Pookie (The Sterile Cuckoo, 1969) ; Klute (id., 1971) ; Love and Pain and the Whole Damn Thing (1973) ; À cause d'un assassinat (The Parallax View, 1974) ; les Hommes du président (All the President's Men, 1976) ; le Souffle de la tempête (Comes a Horseman, 1978) ; Merci d'avoir été ma femme (Starting Over, 1979) ; Une femme d'affaires (Rollover, 1981) ; le Choix de Sophie (Sophie's Choice, 1982) ; Dream Lover (1986) ; les Enfants de l'impasse (Orphans, 1987) ; See You in the Morning (1989) ; Présumé innocent (Presumed Innocent, 1990) ; Jeux d'adultes (Consenting Adults, 1992) ; l'Affaire Pélican (The Pelican Brief, 1993) ; Ennemis rapprochés (The Devil's Own, 1997).

PAL (Gyula György Marczincsák, dit George)

cinéaste américain d'origine hongroise (Cegléd, Autriche-Hongrie, 1908 - Los Angeles, Ca., 1980).

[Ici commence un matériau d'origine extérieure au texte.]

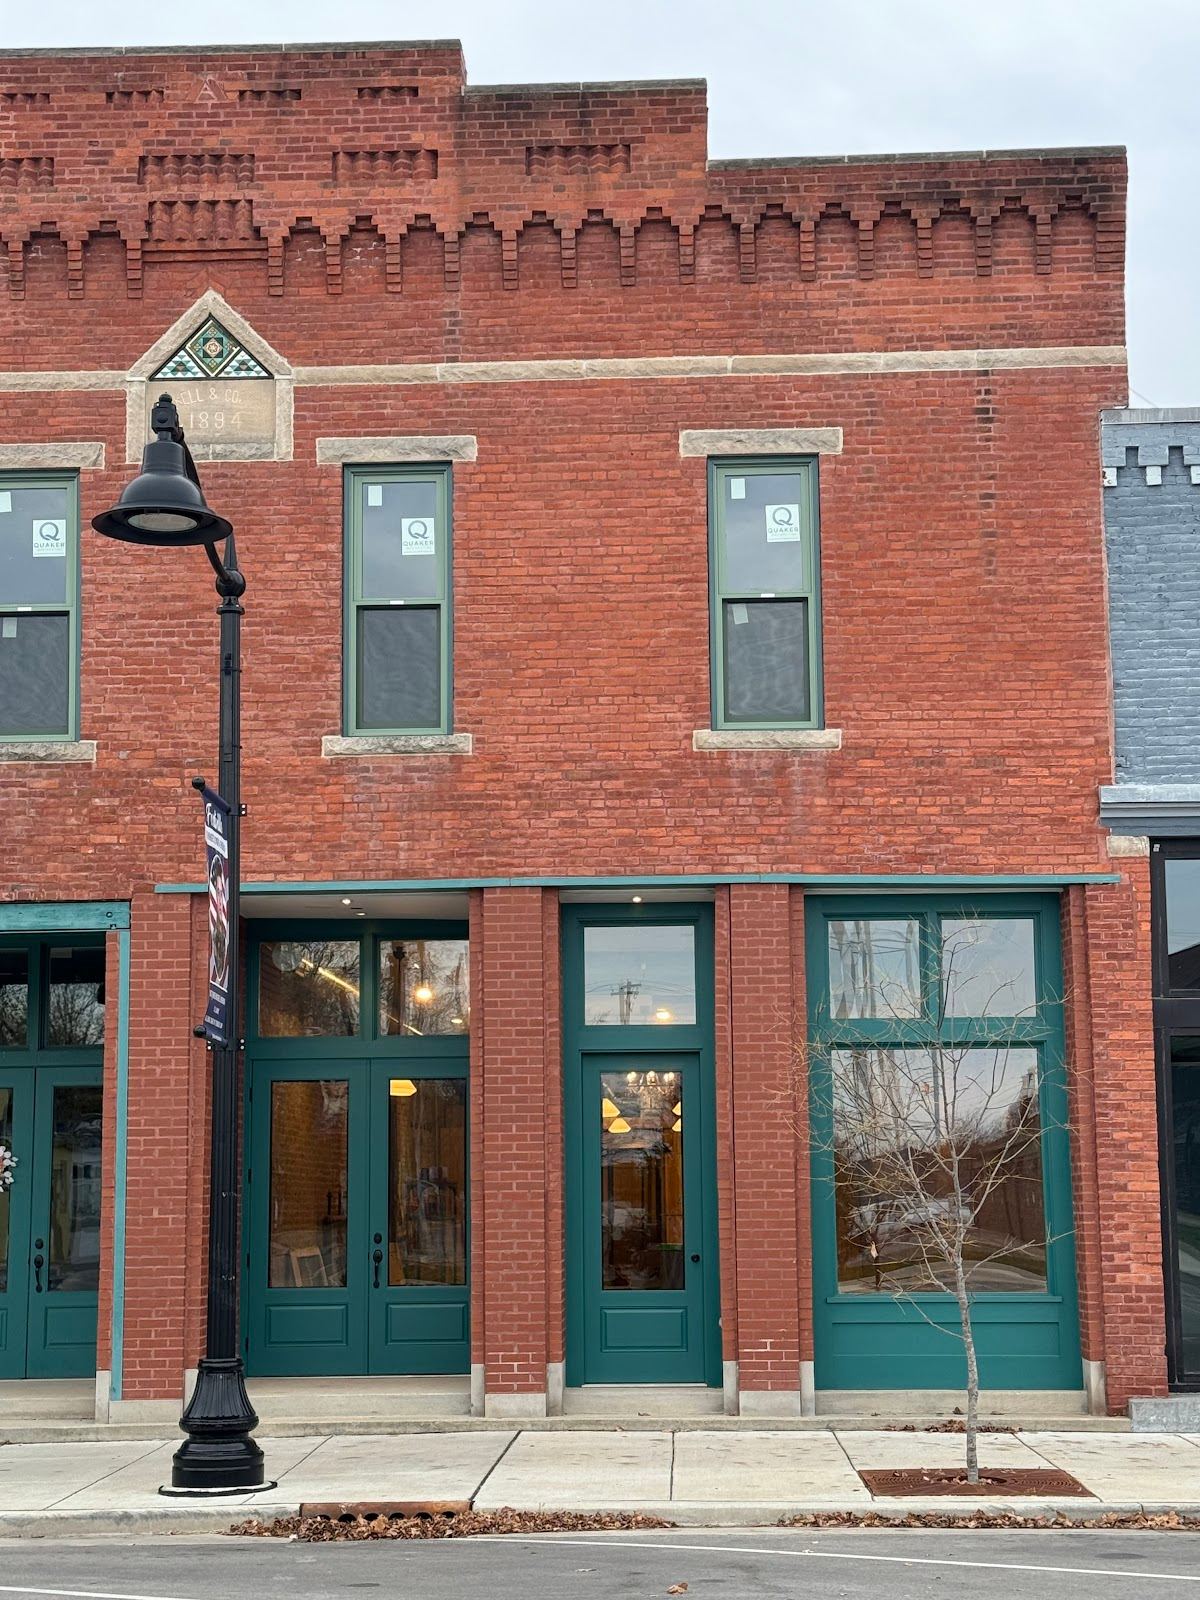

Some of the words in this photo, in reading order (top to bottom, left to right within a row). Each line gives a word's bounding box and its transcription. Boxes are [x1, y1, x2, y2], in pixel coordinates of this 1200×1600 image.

[209, 387, 217, 400] &
[190, 411, 243, 429] 1894
[768, 526, 799, 534] QUAKER

Technicien du cinéma d'animation, il réalise d'abord des films publicitaires à Budapest, puis à Berlin, où il est dessinateur pour le studio spécialisé de la UFA avant de créer sa propre société de production de courts-métrages d'animation et de publicité. Émigré aux Pays-Bas puis à Londres, il part en 1939 pour les États-Unis, où ses « Paramount Puppetoons » lui valent un Oscar en 1943. Sept ans plus tard, il est associé à certains des plus célèbres films de science-fiction de l'époque, dont il est le producteur : Destination Lune (I. Pichel, 1950) puis le Choc des mondes (When Worlds Collide, R. Maté, 1951) et la Guerre des mondes (B. Haskin, 1953), d'après Herbert George Wells. Autant de films qui témoignent à la fois d'excellents effets spéciaux et d'une étude intelligente du climat d'angoisse qui marque le cinéma d'anticipation de l'époque. Devenu son propre réalisateur, il signe en 1958 les Aventures de Tom Pouce (Tom Thumb) puis, deux ans plus tard, sa meilleure œuvre, la Machine à explorer le temps (The Time Machine, 1960), une nouvelle adaptation de Wells, avec Rod Taylor, et Yvette Mimieux dans le rôle de la blonde Weena. Suivront Atlantis, terre engloutie (Atlantis the Lost Continent, 1961) et les Amours enchantées (The Wonderful World of the Brothers Grimm, 1962) puis, enfin, The Seven Faces of Dr. Lao (1964).